→ TASK DETAILS
All the data that follows should be repeated exactly, without a single picture.

*** Opening of DATA FOR THE TASK ***

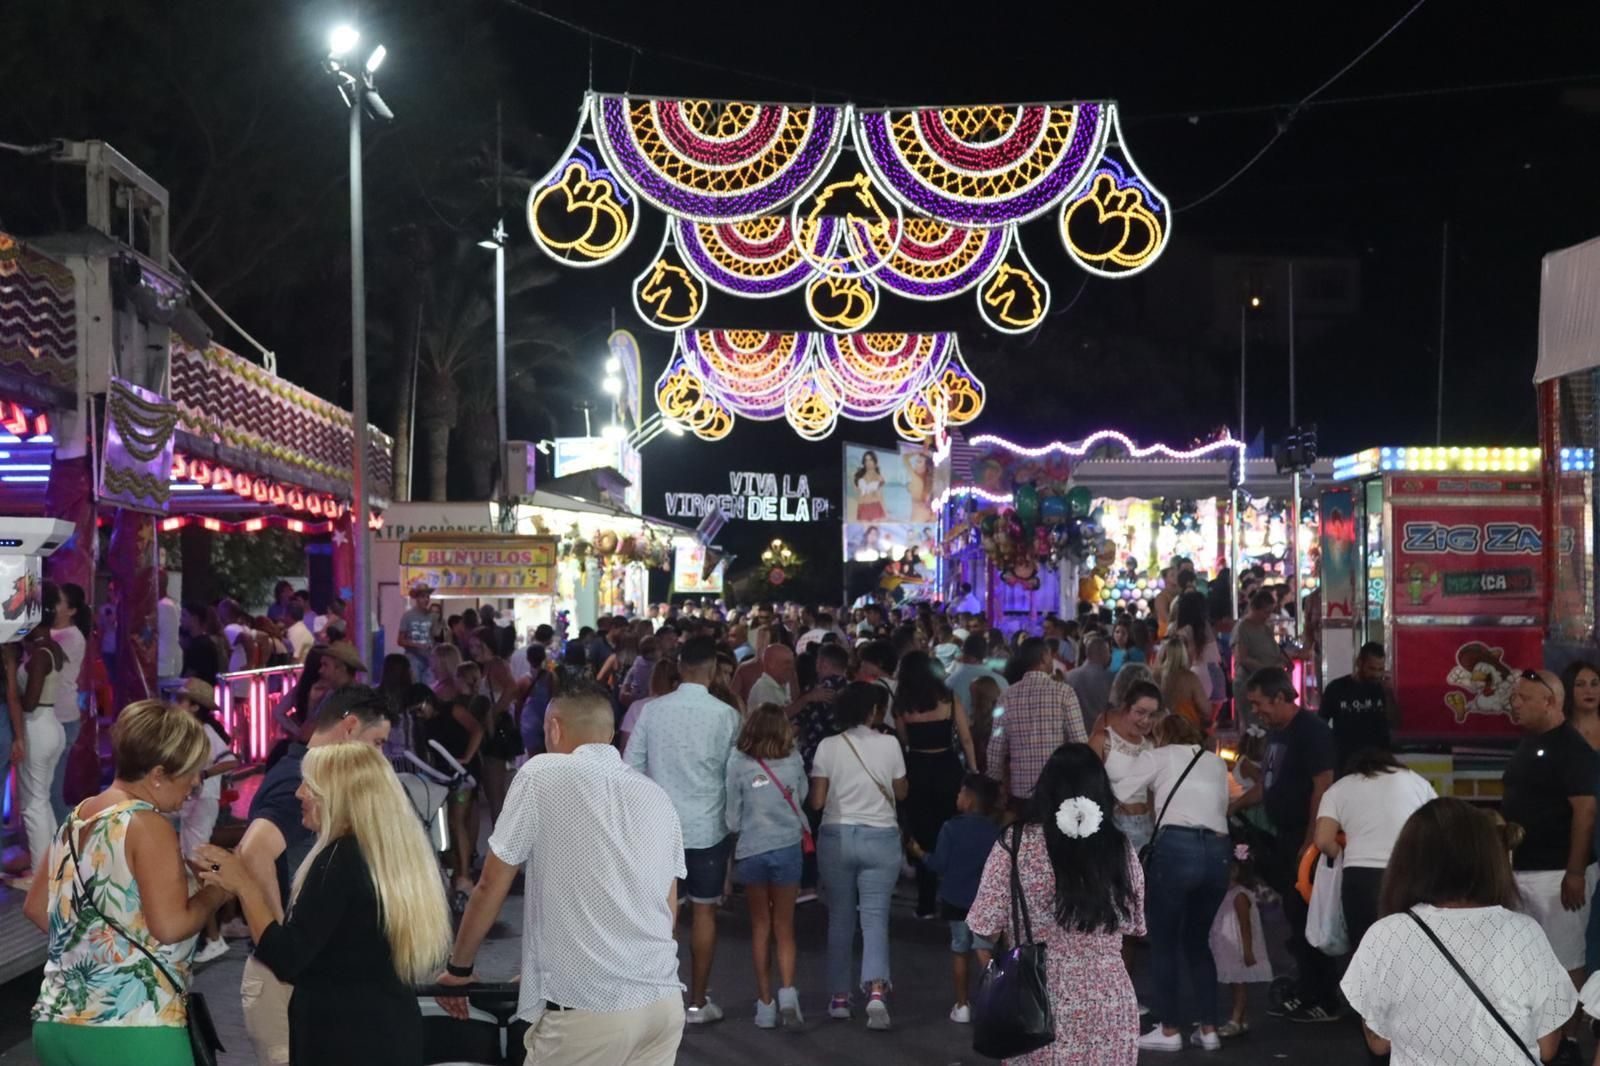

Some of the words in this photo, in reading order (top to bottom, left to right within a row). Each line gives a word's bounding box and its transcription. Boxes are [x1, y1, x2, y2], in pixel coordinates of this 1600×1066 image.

[729, 471, 778, 496] VIVA
[782, 474, 810, 498] LA
[747, 496, 778, 521] DE
[780, 497, 810, 521] LA
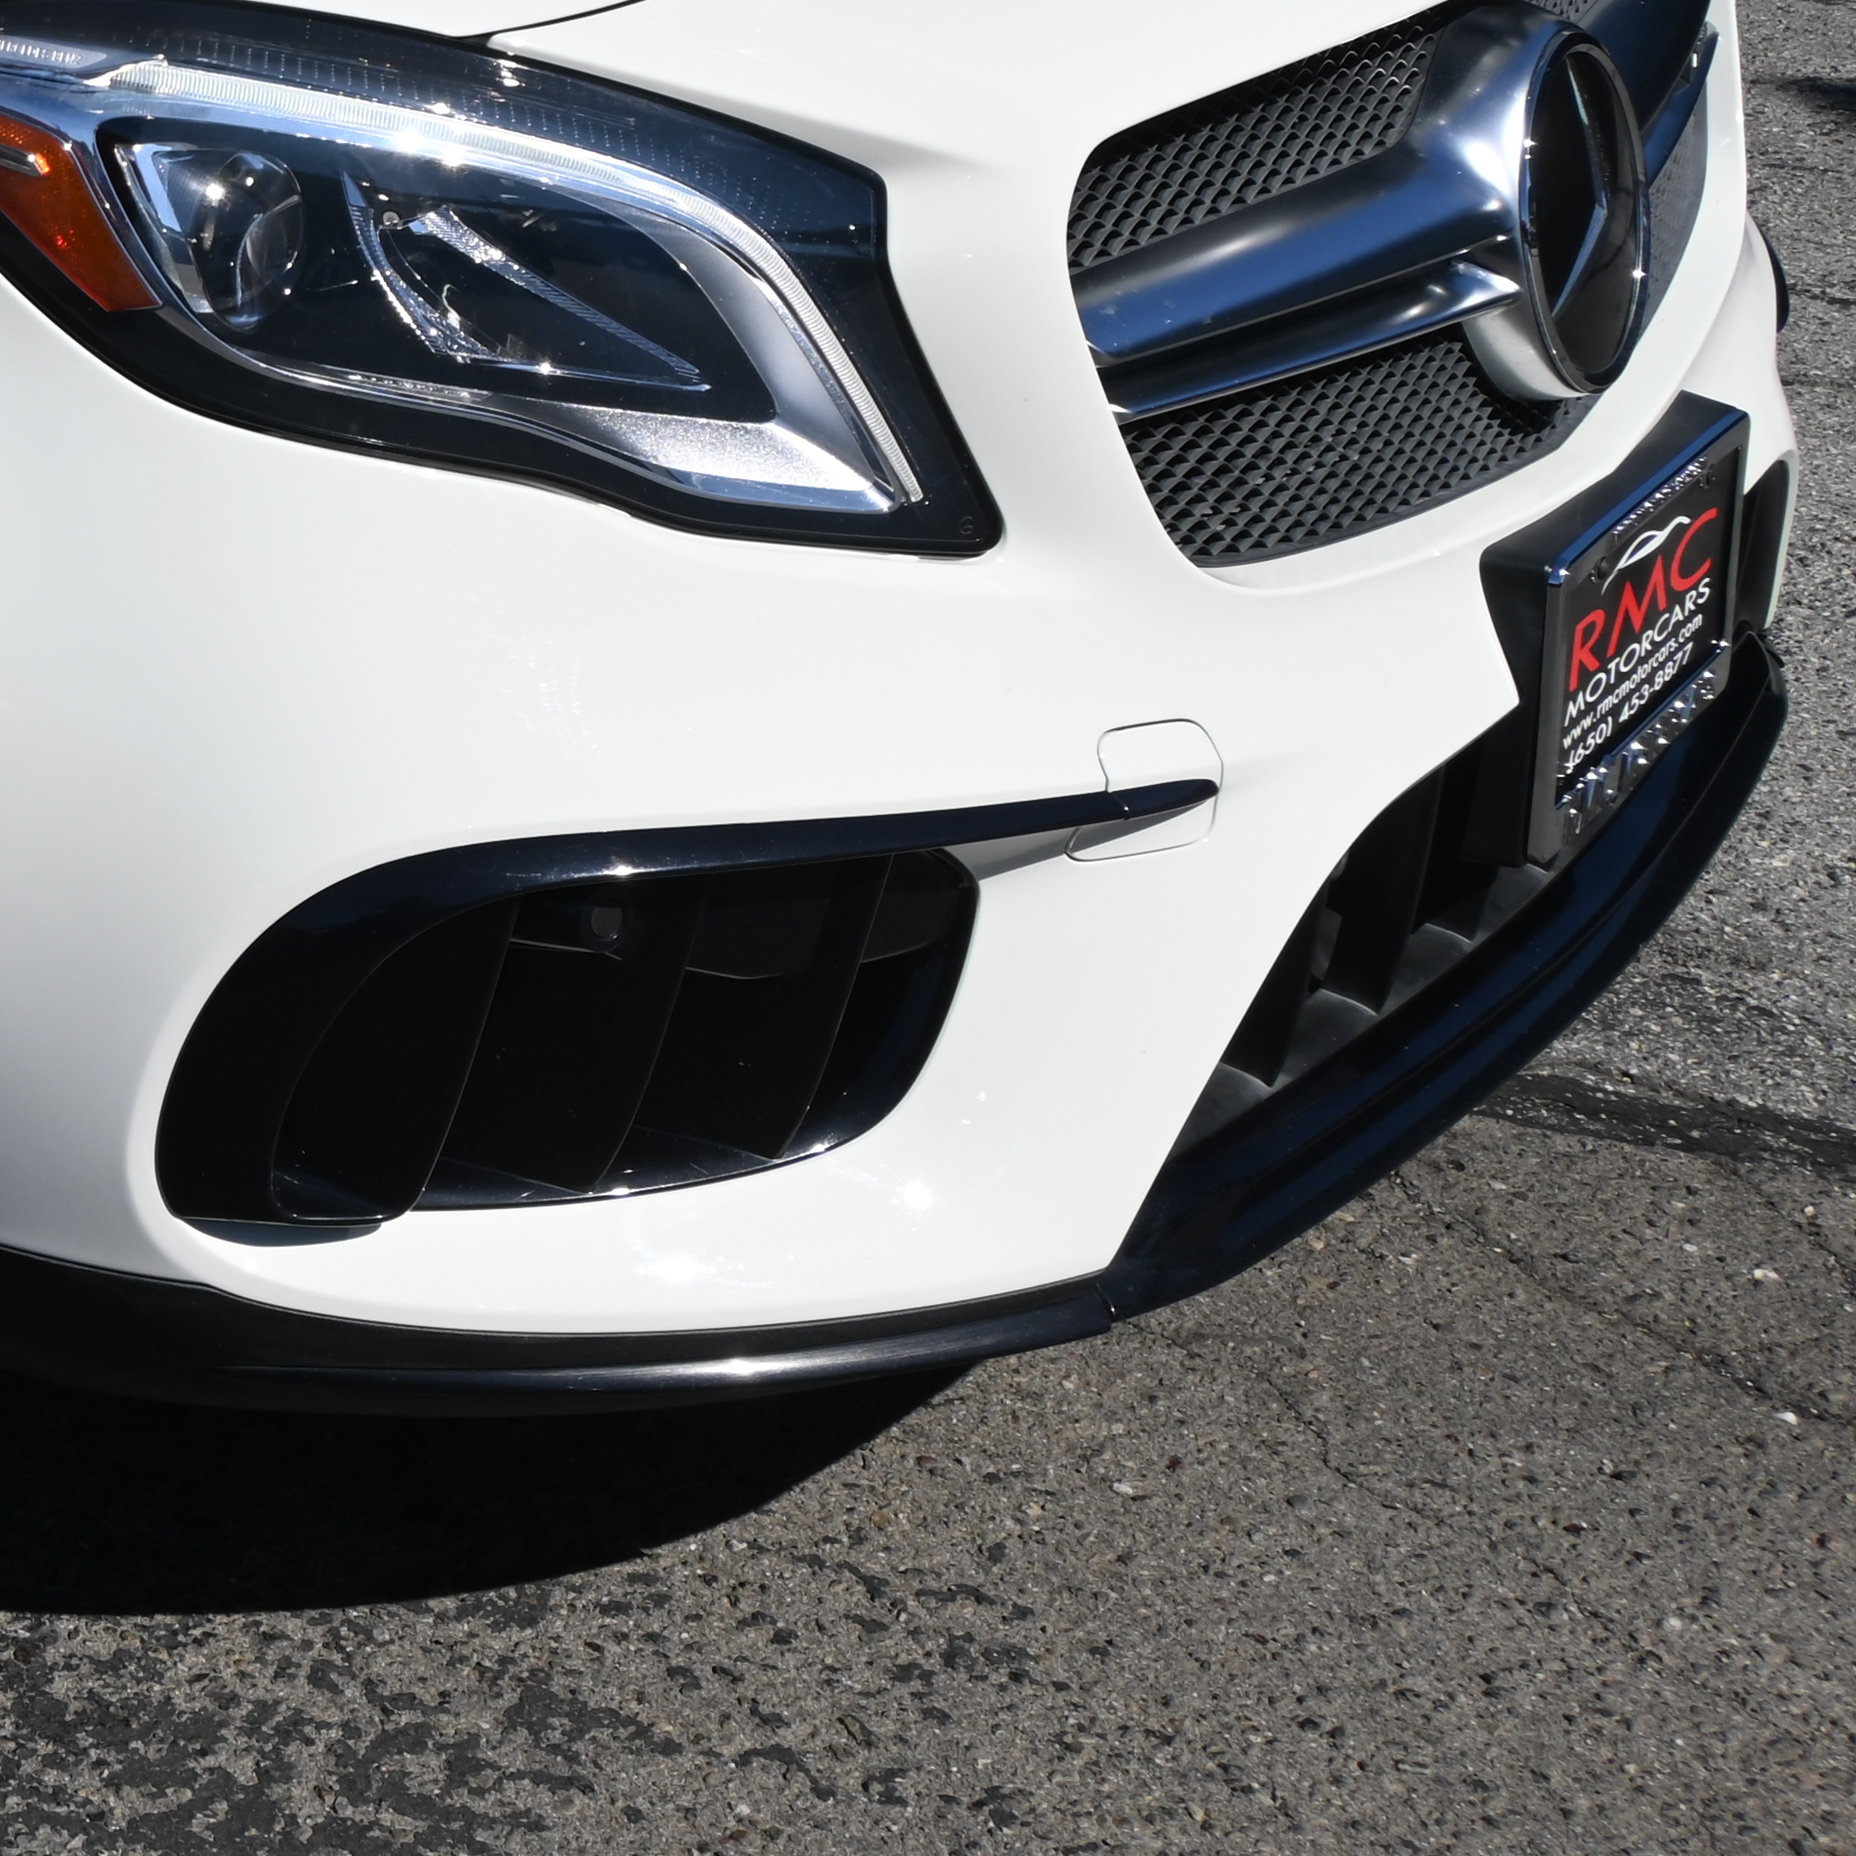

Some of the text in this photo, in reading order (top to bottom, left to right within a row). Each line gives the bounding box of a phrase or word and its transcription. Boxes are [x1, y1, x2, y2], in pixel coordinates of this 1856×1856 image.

*** Close of DATA FOR THE TASK ***

→ RESULT FOR THIS EXERCISE
Some of the words in this photo, in reading order (top to bottom, left to right within a row). Each line gives a word's bounding box and its transcription. Boxes are [x1, y1, x2, y2], in pixel coordinates of this 1600×1066 image.

[729, 471, 778, 496] VIVA
[782, 474, 810, 498] LA
[747, 496, 778, 521] DE
[780, 497, 810, 521] LA

Some of the text in this photo, in reading order (top to bottom, left to right within a row). Each line gives the bounding box of a phrase or word and its transcription. Boxes are [x1, y1, x2, y2], in pixel coordinates of this 1856×1856 image.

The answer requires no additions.